*** Opening of Source material ***
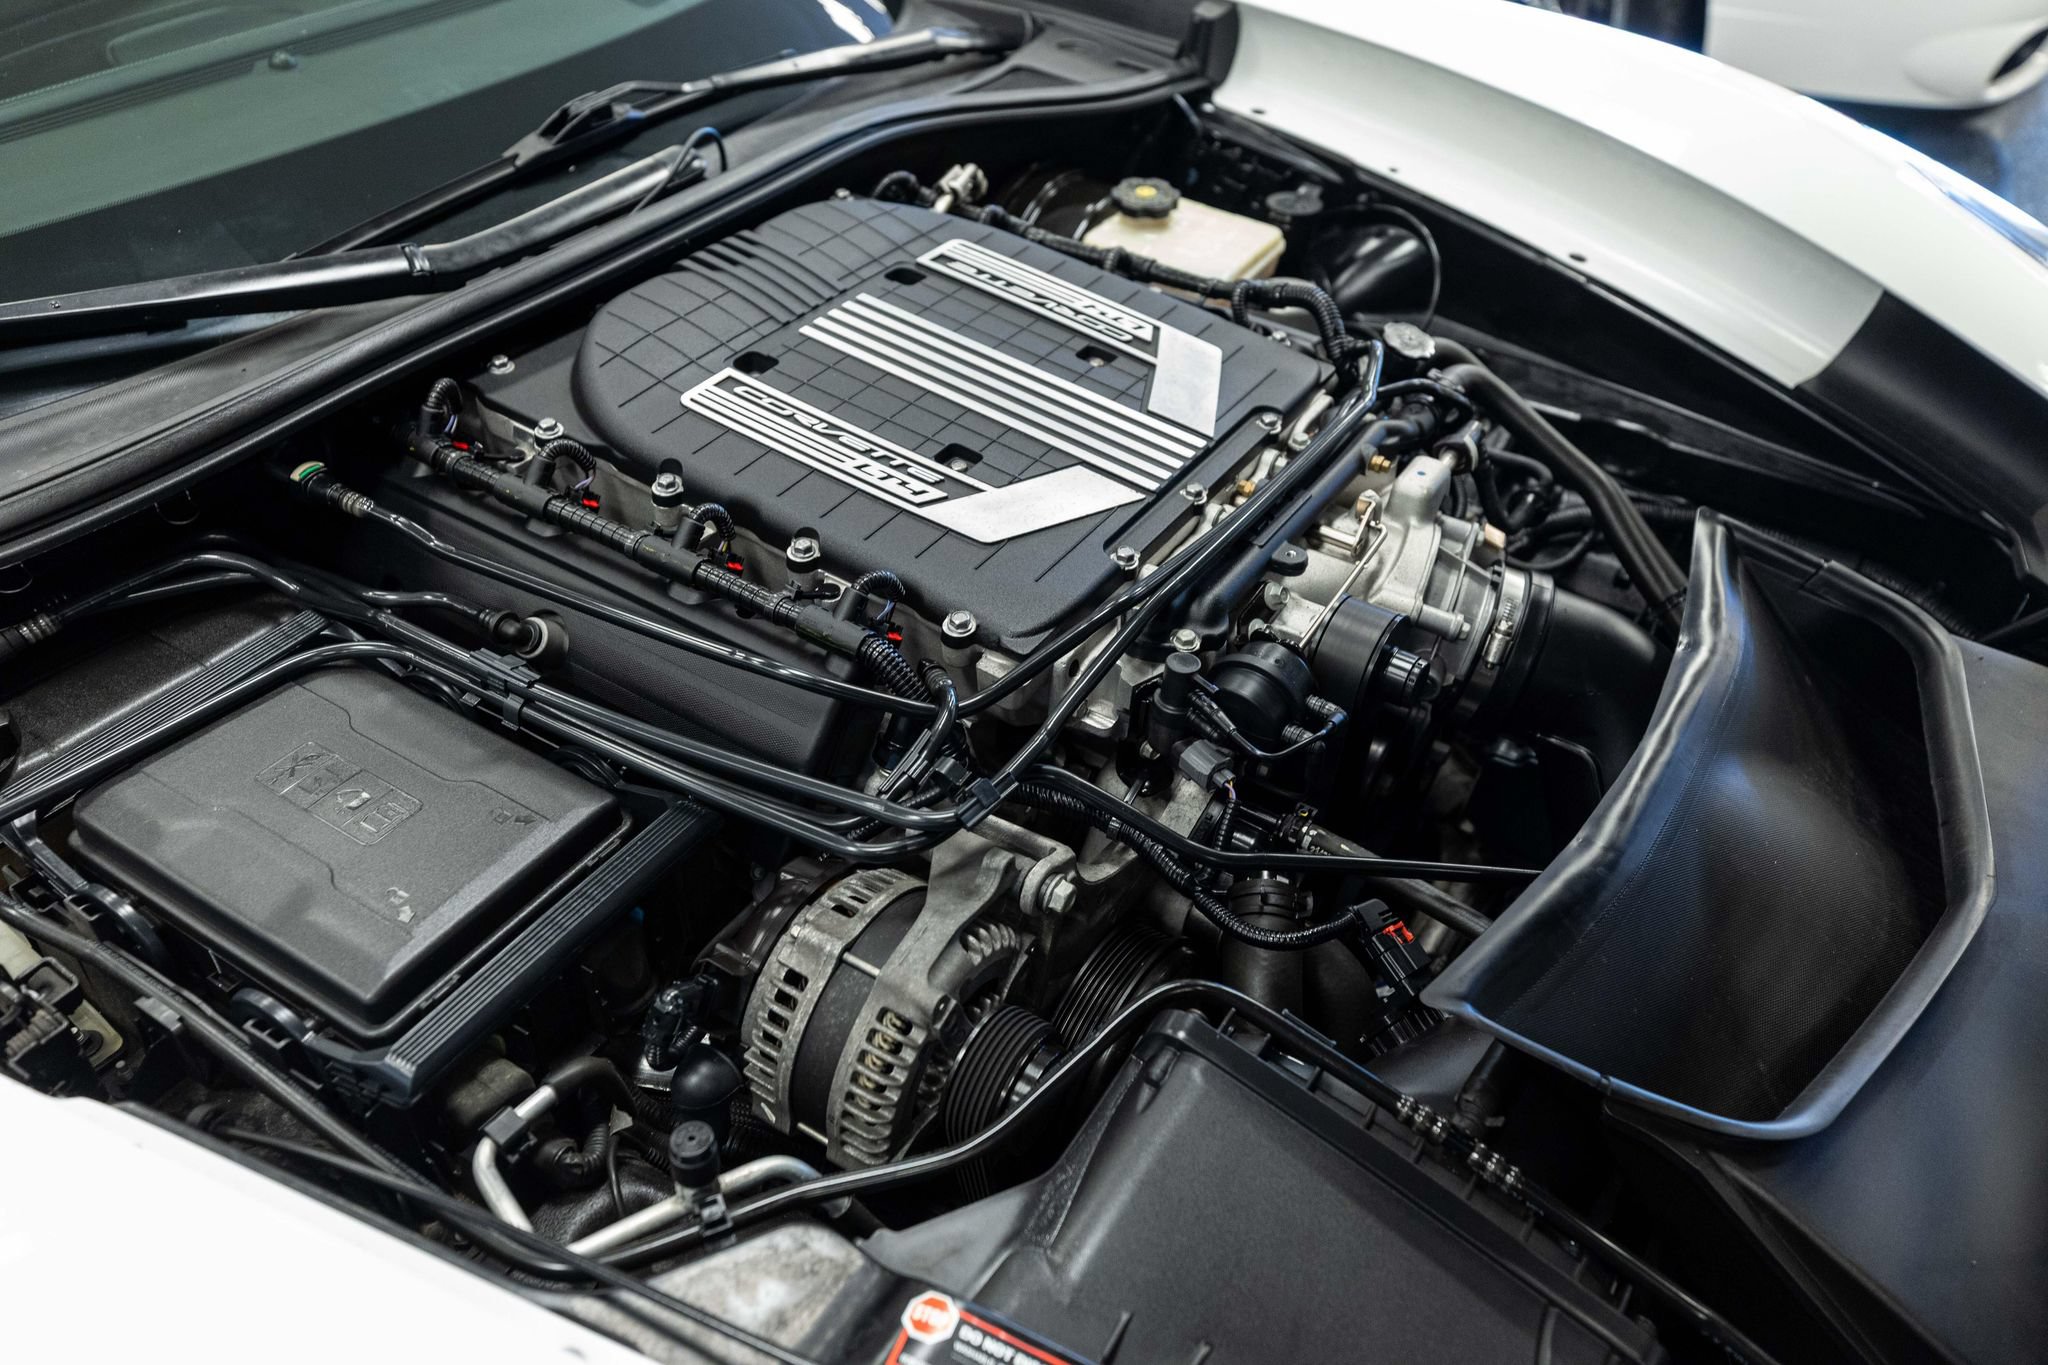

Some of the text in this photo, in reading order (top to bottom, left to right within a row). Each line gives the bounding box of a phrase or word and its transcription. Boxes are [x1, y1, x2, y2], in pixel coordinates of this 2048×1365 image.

[733, 386, 945, 484] CORVETTE
[853, 463, 930, 496] LT4
[958, 1324, 983, 1347] DO
[981, 1335, 1016, 1362] NOT
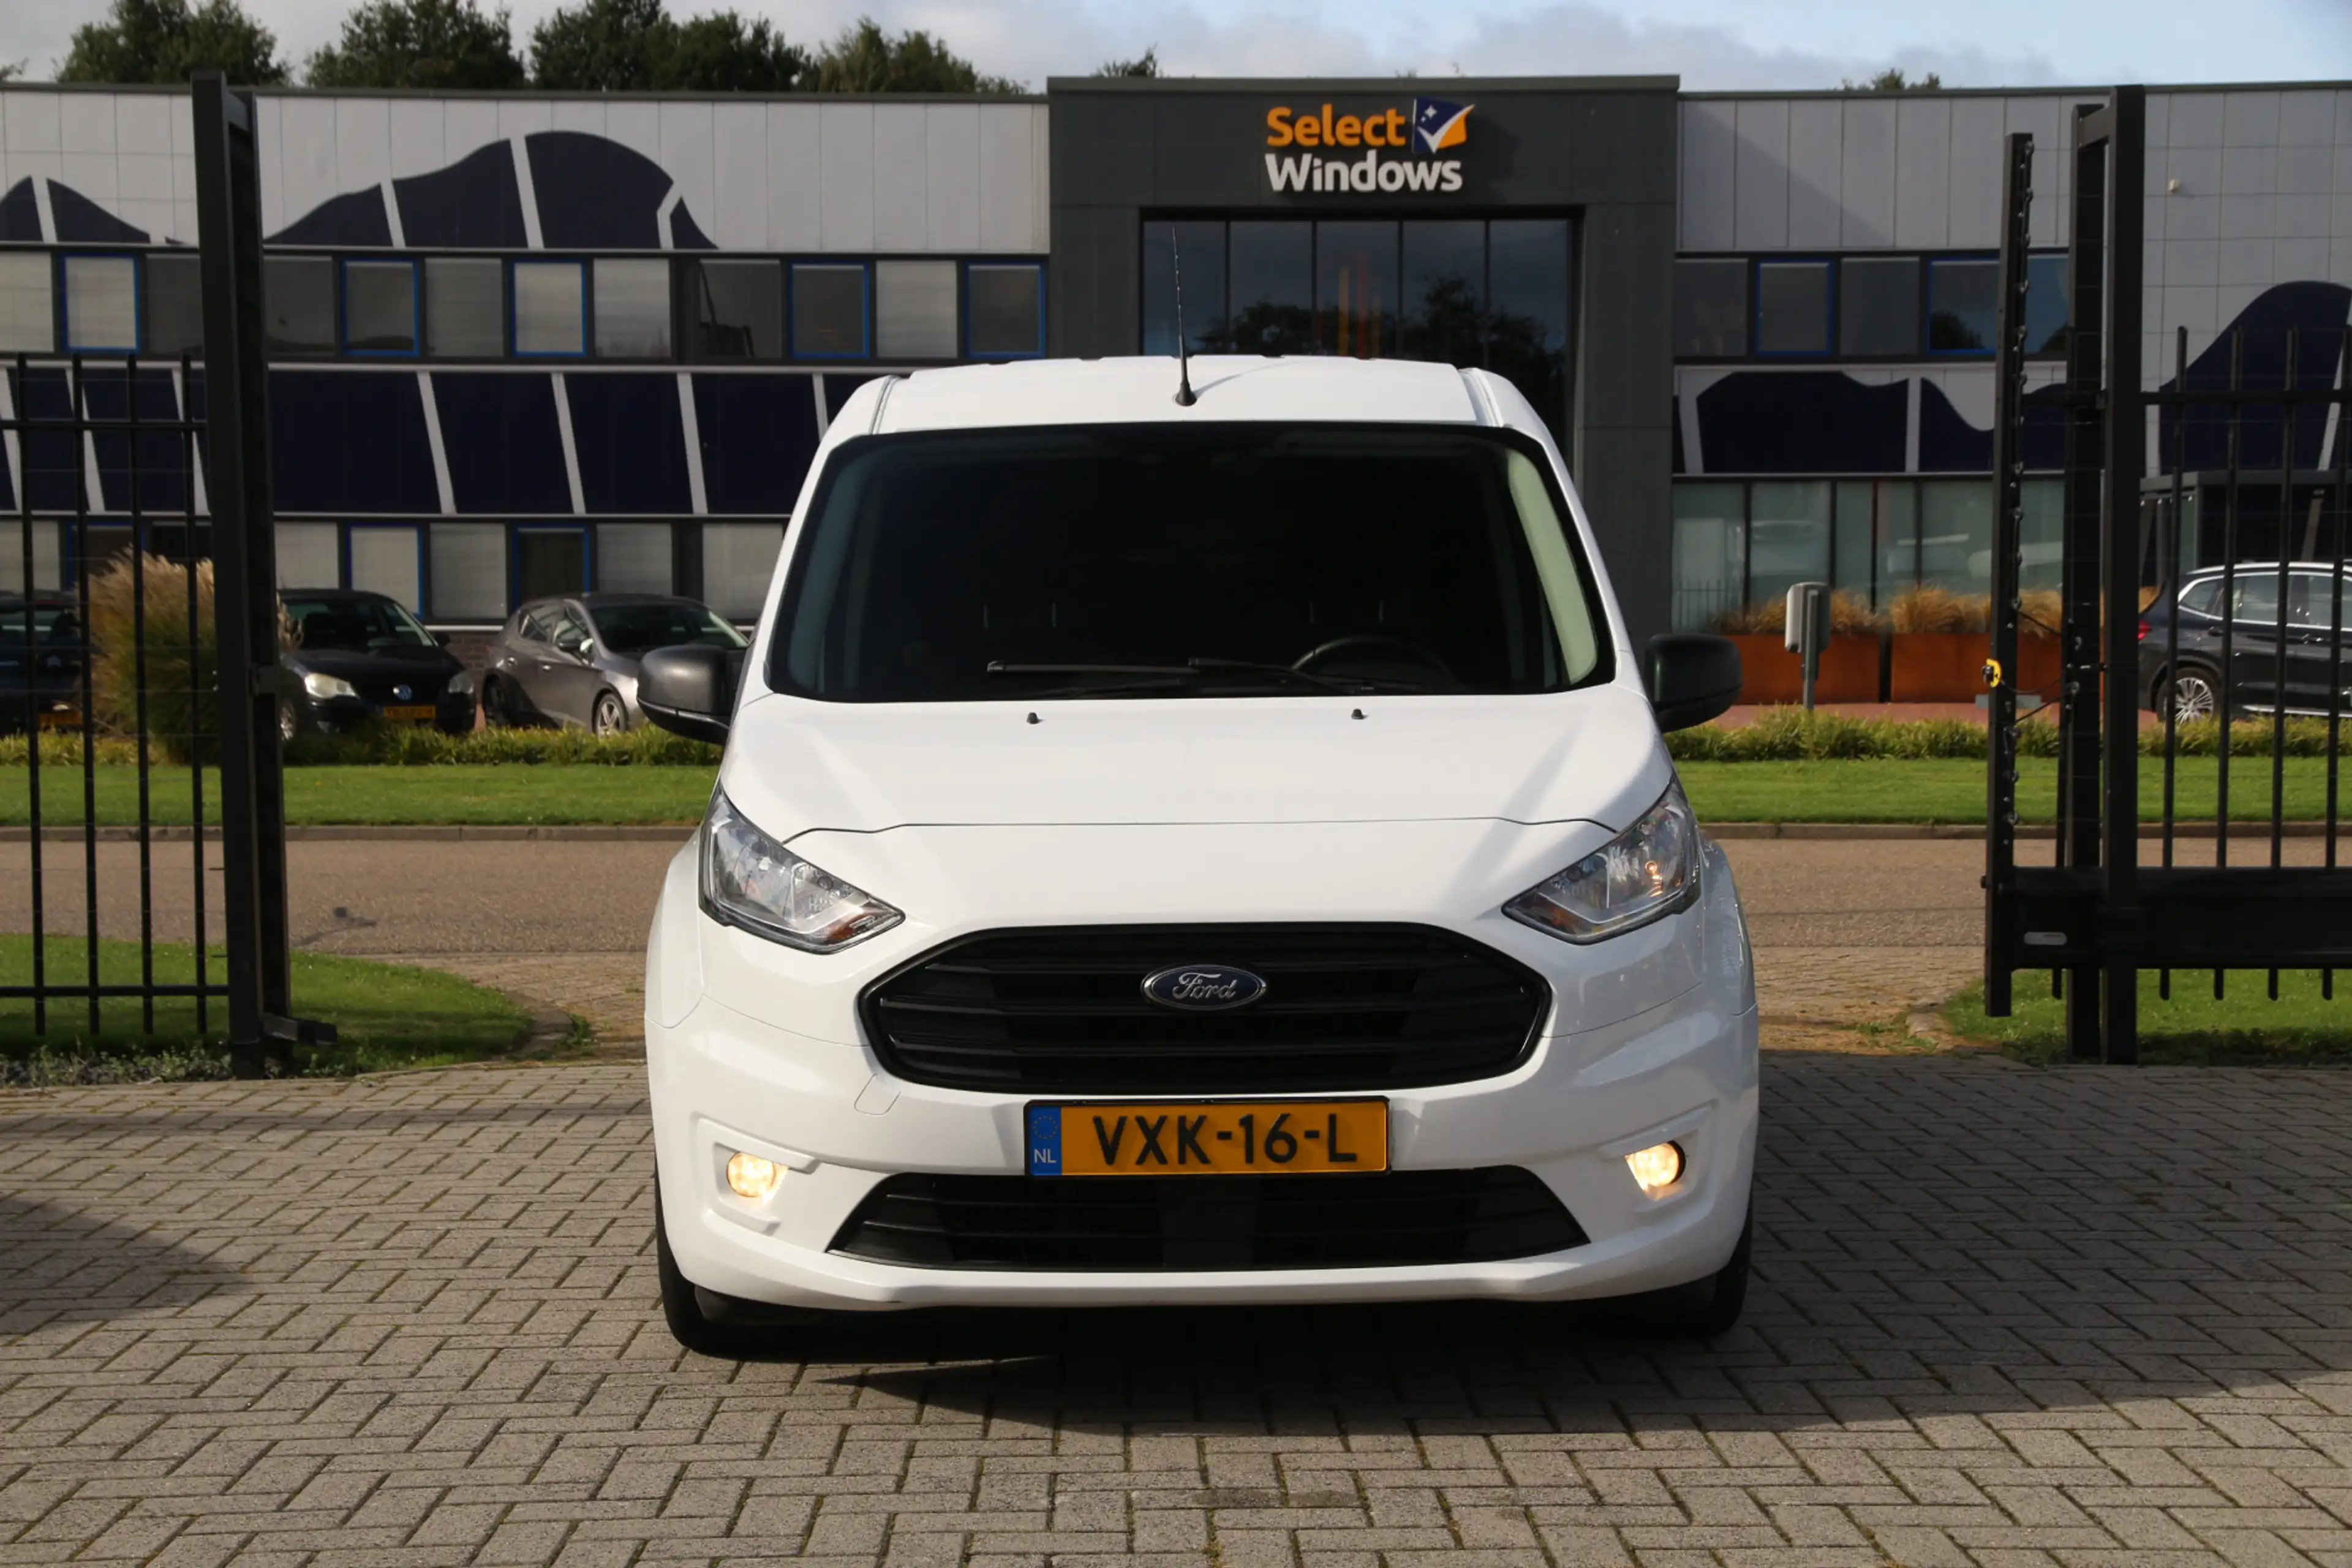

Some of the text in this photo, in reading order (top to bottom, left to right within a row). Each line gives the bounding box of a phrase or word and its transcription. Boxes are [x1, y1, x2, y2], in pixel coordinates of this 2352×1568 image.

[1267, 103, 1406, 146] Select
[1265, 149, 1463, 192] Windows
[1172, 971, 1237, 1000] Ford
[1033, 1148, 1057, 1164] NL
[1093, 1113, 1358, 1166] VXK-16-L
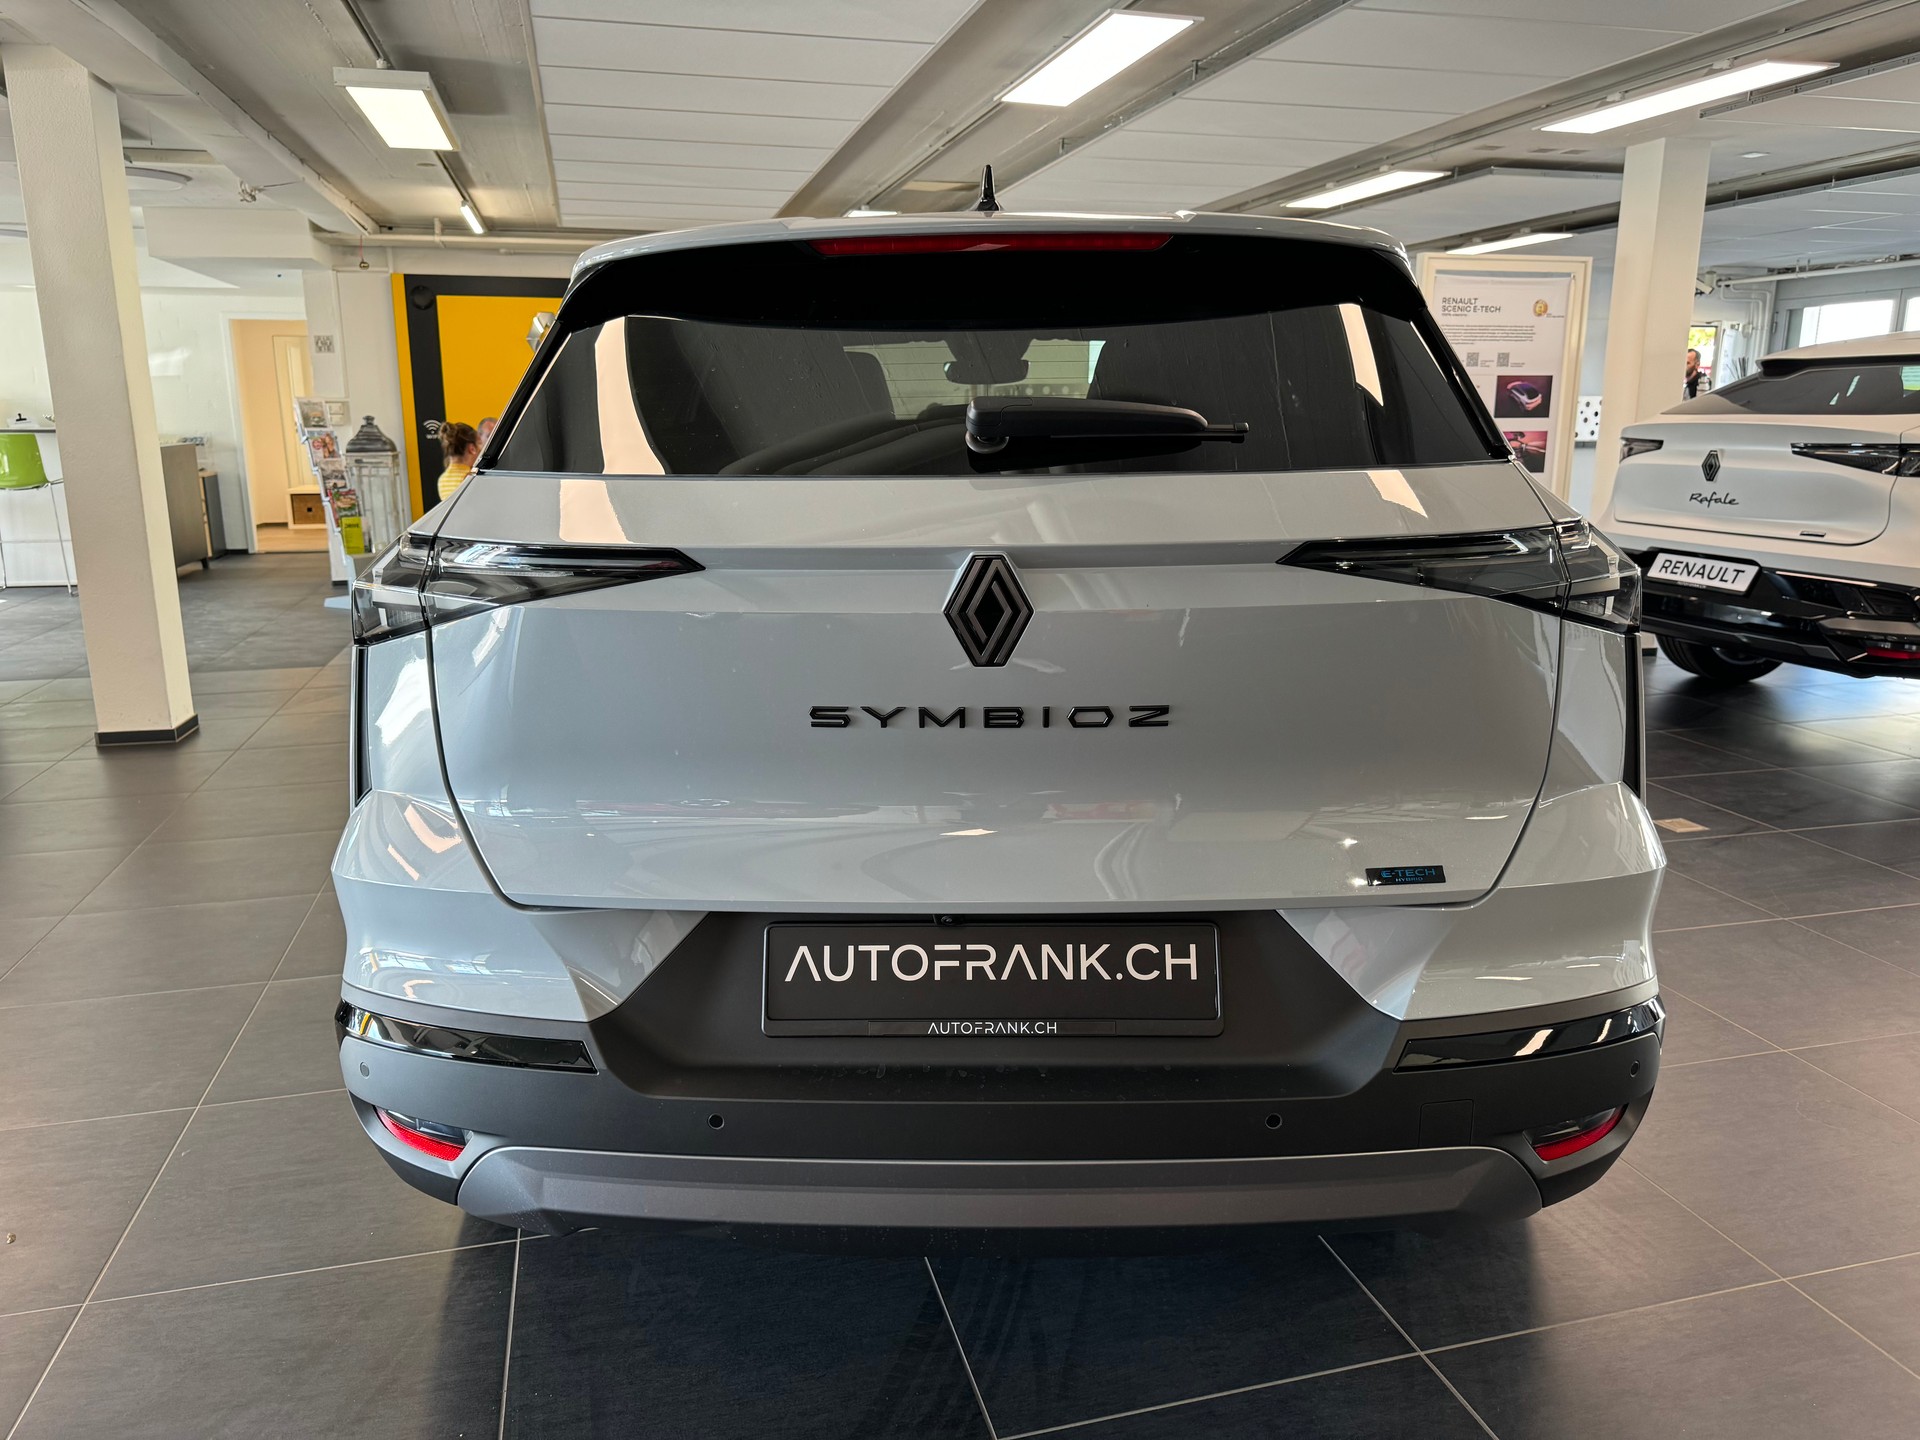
*** Close of Source material ***
■ What this task involves: Send back the data above verbatim, leaving out its pictures.

■ Solution for this exercise:
Some of the text in this photo, in reading order (top to bottom, left to right within a row). Each line gives the bounding box of a phrase or word and its transcription. Boxes are [x1, y1, x2, y2], in pixel coordinates of this 2048×1365 image.

[733, 386, 945, 484] CORVETTE
[853, 463, 930, 496] LT4
[958, 1324, 983, 1347] DO
[981, 1335, 1016, 1362] NOT

Some of the text in this photo, in reading order (top to bottom, left to right within a row). Each line gives the bounding box of a phrase or word and its transcription. Boxes are [x1, y1, x2, y2], in pixel coordinates of this 2352×1568 image.

[1267, 103, 1406, 146] Select
[1265, 149, 1463, 192] Windows
[1172, 971, 1237, 1000] Ford
[1033, 1148, 1057, 1164] NL
[1093, 1113, 1358, 1166] VXK-16-L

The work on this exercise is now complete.